Connecting a Smart Streetlamp to ThingSpeak with macchina.io
At the place where our office is located there’s also a “smart city” research project going on, including a cool autonomous shuttle and a couple of “smart” street lamps. These lamps contain environmental sensors, as well as other gadgets like a display and cameras. The idea was to get the sensor data – temperature, humidity, pressure, wind speed, particulate matter (pm2.5) and noise level – out of the lamp and to a cloud service for further processing. Should be quite easy to solve with macchina.io and a Raspberry Pi 2 Model B I had lying around.
The main issue was figuring out the communication protocol to obtain the sensor data. After receiving a protocol description (in Chinese) from the manufacturer of the streetlamp, and thanks to Google Translate, work could commence. The lamp uses a rather low-level non-standard communication protocol from the dark ages of industrial communication, delimiting frames with STX (0x02) and ETX (0x03) characters, and escaping special characters in between.
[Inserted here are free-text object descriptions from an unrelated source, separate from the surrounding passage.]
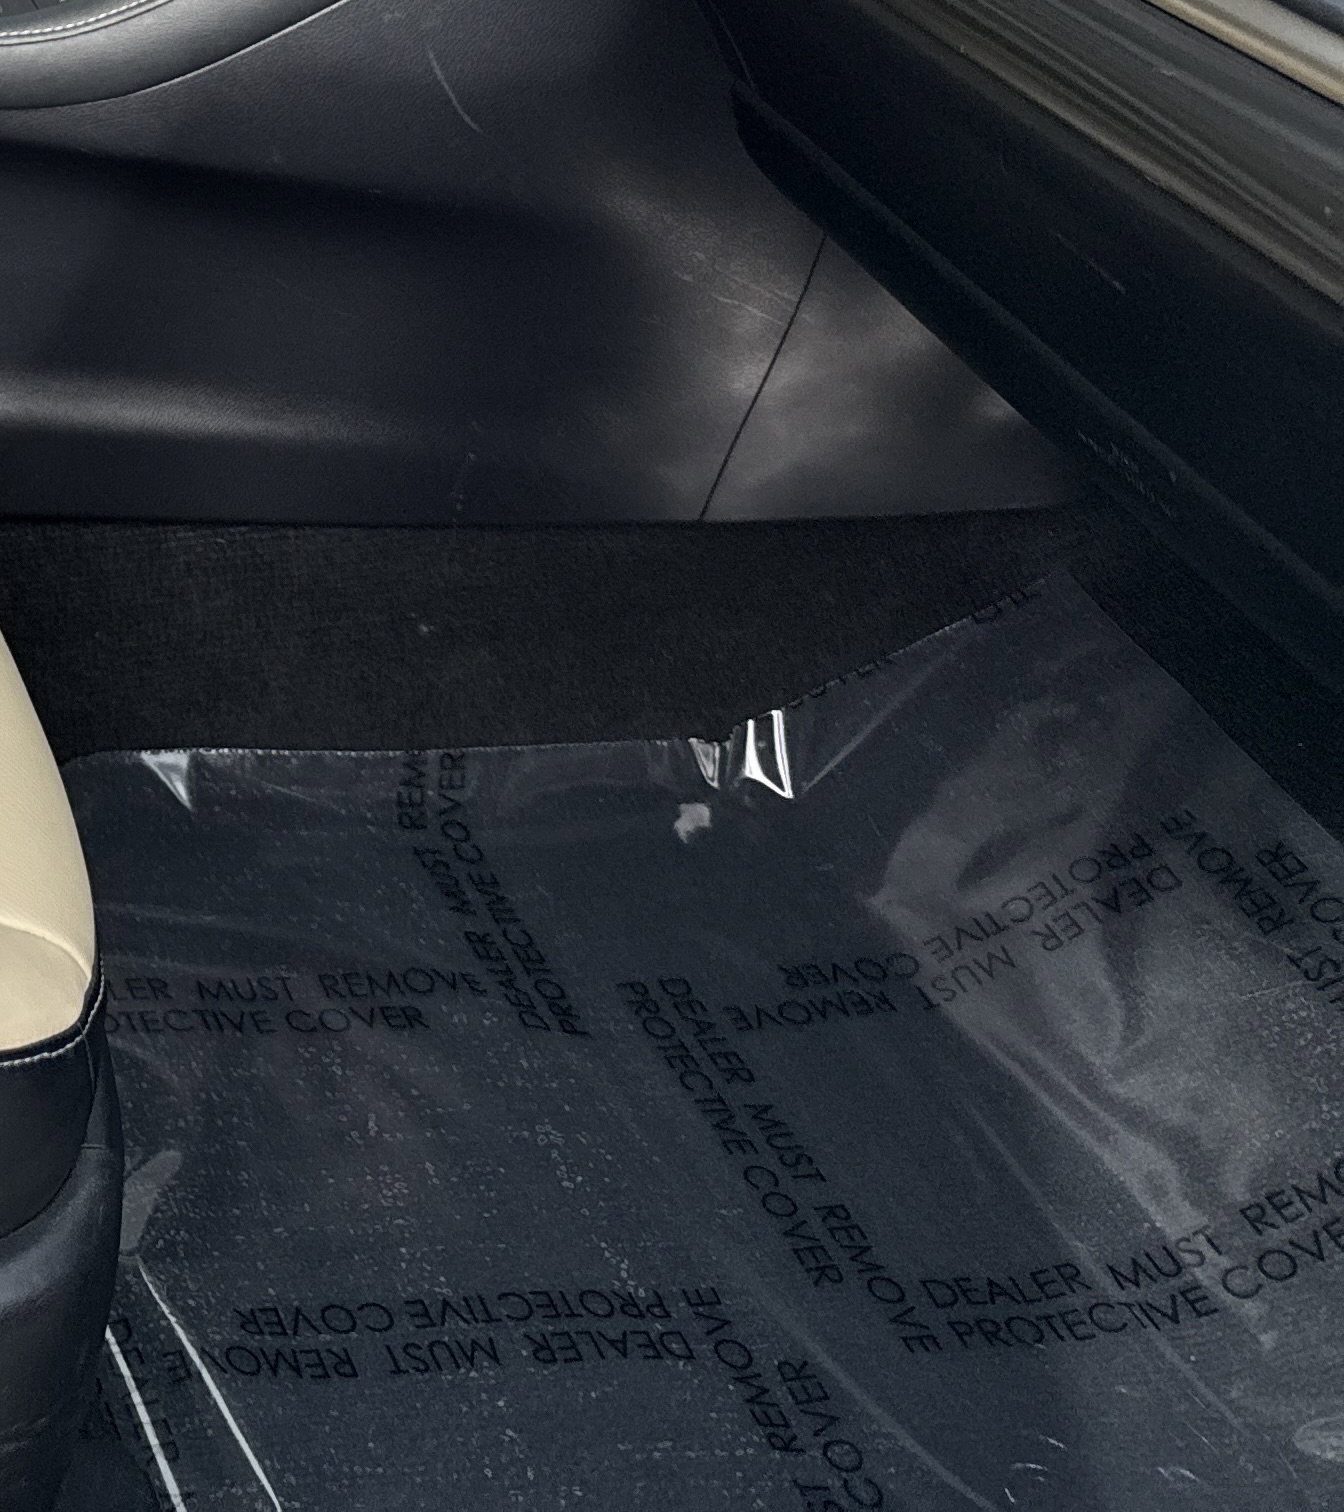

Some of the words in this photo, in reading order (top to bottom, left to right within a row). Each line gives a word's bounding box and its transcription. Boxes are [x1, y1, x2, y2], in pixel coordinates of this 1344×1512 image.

[438, 751, 484, 866] COVER
[923, 831, 1156, 965] PROTECTIVE
[1161, 808, 1295, 937] REMOVE
[1031, 863, 1184, 953] DEALER
[195, 976, 298, 1003] MUST
[316, 967, 489, 1002] REMOVE
[776, 951, 921, 989] COVER
[916, 944, 1018, 1013] MUST
[284, 1005, 431, 1034] COVER
[721, 989, 899, 1032] REMOVE
[616, 979, 760, 1156] PROTECTIVE
[742, 1164, 845, 1288] COVER
[657, 977, 756, 1084] DEALER
[740, 1102, 828, 1183] MUST
[813, 1203, 943, 1353] REMOVE
[920, 1261, 1093, 1310] DEALER
[1106, 1225, 1224, 1292] MUST
[232, 1301, 396, 1338] COVER
[402, 1288, 673, 1331] PROTECTIVE
[947, 1280, 1220, 1350] PROTECTIVE
[384, 1336, 503, 1376] MUST
[522, 1329, 698, 1366] DEALER
[681, 1287, 807, 1454] REMOVE
[776, 1360, 885, 1510] COVER
There’s also a small header (message type and address, one byte each) and a checksum at the end, but no overall packet length. Now, no one would use a checksum in a TCP-based protocol nowadays. But the observation that there were occasional checksum errors made me think that there’s probably a serial (RS-485?) connection to a PLC or something similar somewhere along the way in the lamp and we are talking to a serial device server. Anyway, it took a good half an hour or so to figure out the protocol and receive the sensor data with a small Poco-based C++ program. Poco::MemoryInputStream and Poco::BinaryReader were very helpful.
Next step was bringing the sensor data to the macchina.io sensor and device services API. No big deal either, and after a few hours the protocol was properly implemented, and the data available via sensors services in macchina.io.
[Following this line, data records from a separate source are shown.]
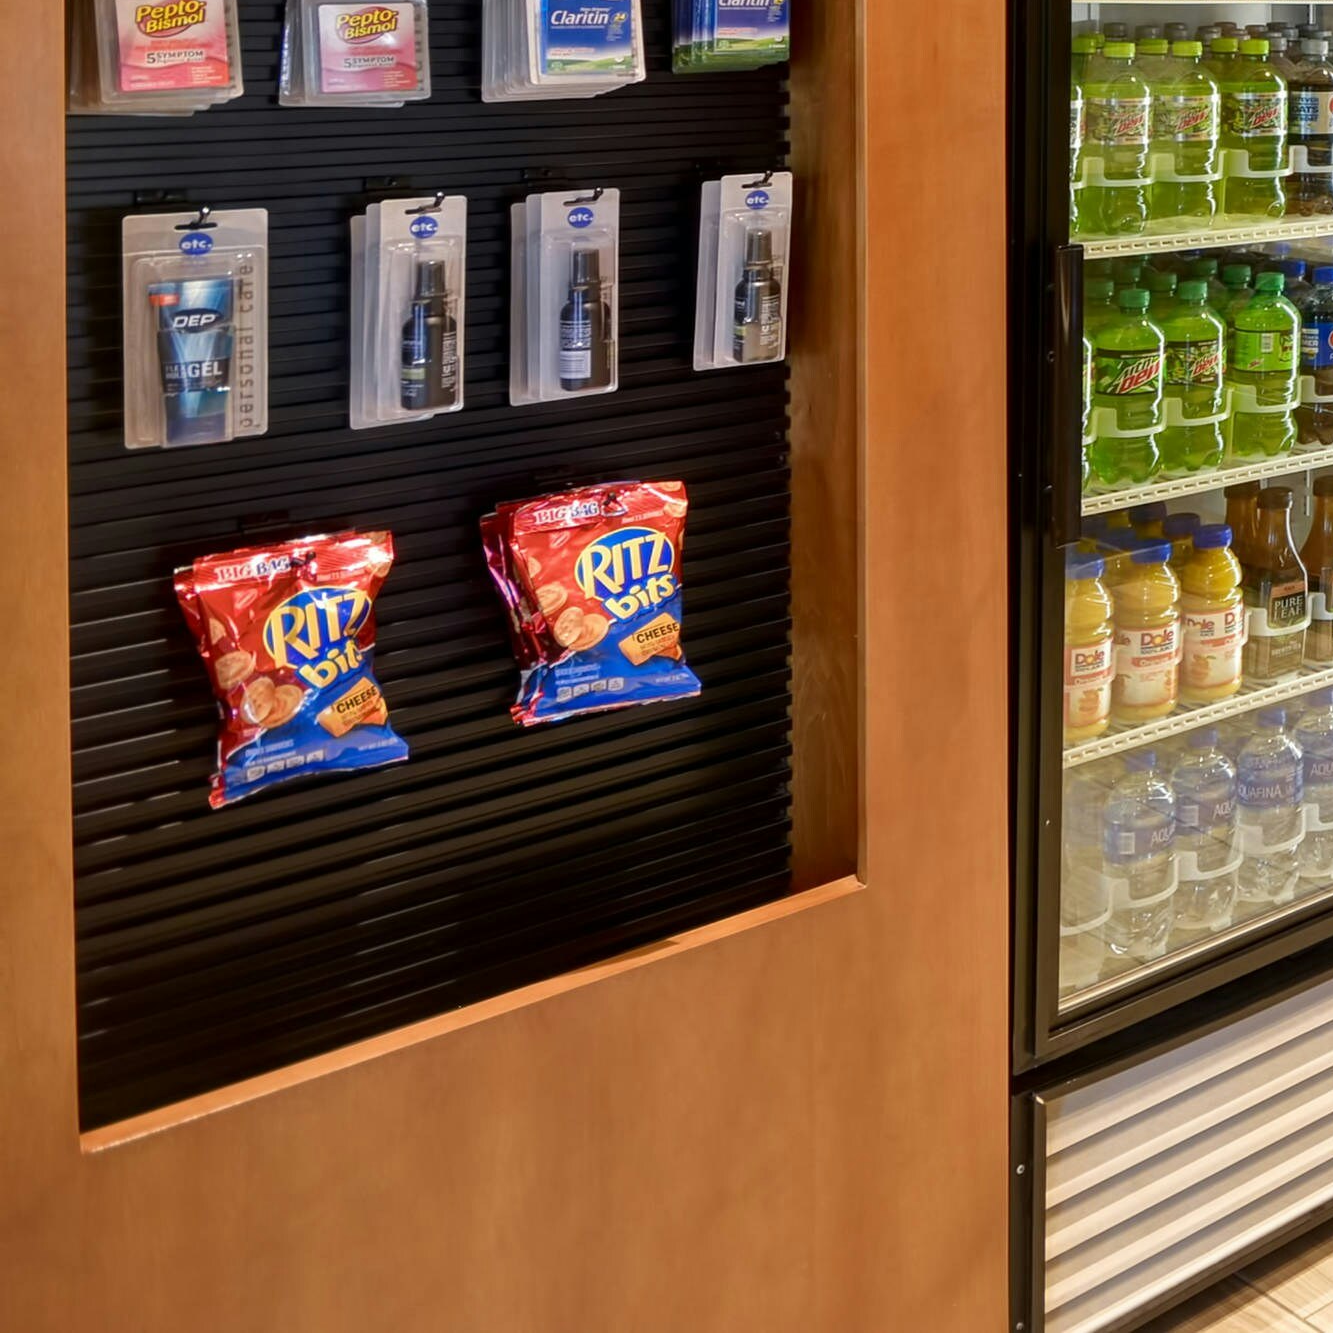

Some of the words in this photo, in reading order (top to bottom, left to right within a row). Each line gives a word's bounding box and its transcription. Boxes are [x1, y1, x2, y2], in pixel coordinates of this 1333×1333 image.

[144, 10, 207, 34] Bismol
[335, 8, 399, 30] Pepto-
[550, 9, 609, 26] Claritin
[343, 19, 398, 41] Bismol
[146, 52, 156, 65] 5
[156, 49, 205, 61] SYMPTOM
[344, 57, 352, 69] 5
[352, 55, 396, 67] SYMPTOM
[746, 195, 769, 206] etc.
[568, 212, 594, 224] etc.
[411, 222, 438, 233] etc.
[181, 239, 213, 252] etc.
[238, 263, 254, 314] care
[172, 313, 217, 329] DEP
[238, 325, 254, 428] personal
[534, 510, 567, 526] BIG
[215, 565, 253, 583] BIG
[256, 556, 291, 576] BAG
[581, 532, 671, 601] RITZ
[604, 574, 675, 619] bits
[1274, 594, 1304, 610] PURE
[1274, 606, 1304, 620] LEAF
[270, 592, 370, 669] RITZ
[636, 622, 680, 644] CHEESE
[1141, 629, 1174, 646] Dole
[1075, 650, 1105, 666] Dole
[335, 686, 378, 714] CHEESE
There are already some ideas for further work. One interesting project would be counting the cars passing by processing images from the camera with OpenCV – some more serious edge computing than just aggregating sensor data. Also, the environmental sensor data contains occasional outliers (possibly from faulty sensor readings), which could be filtered on the Raspberry Pi before sending them to the cloud.
Update 2019-03-08: Filtering of out-of-range values is now done before computing the 60-second maximum.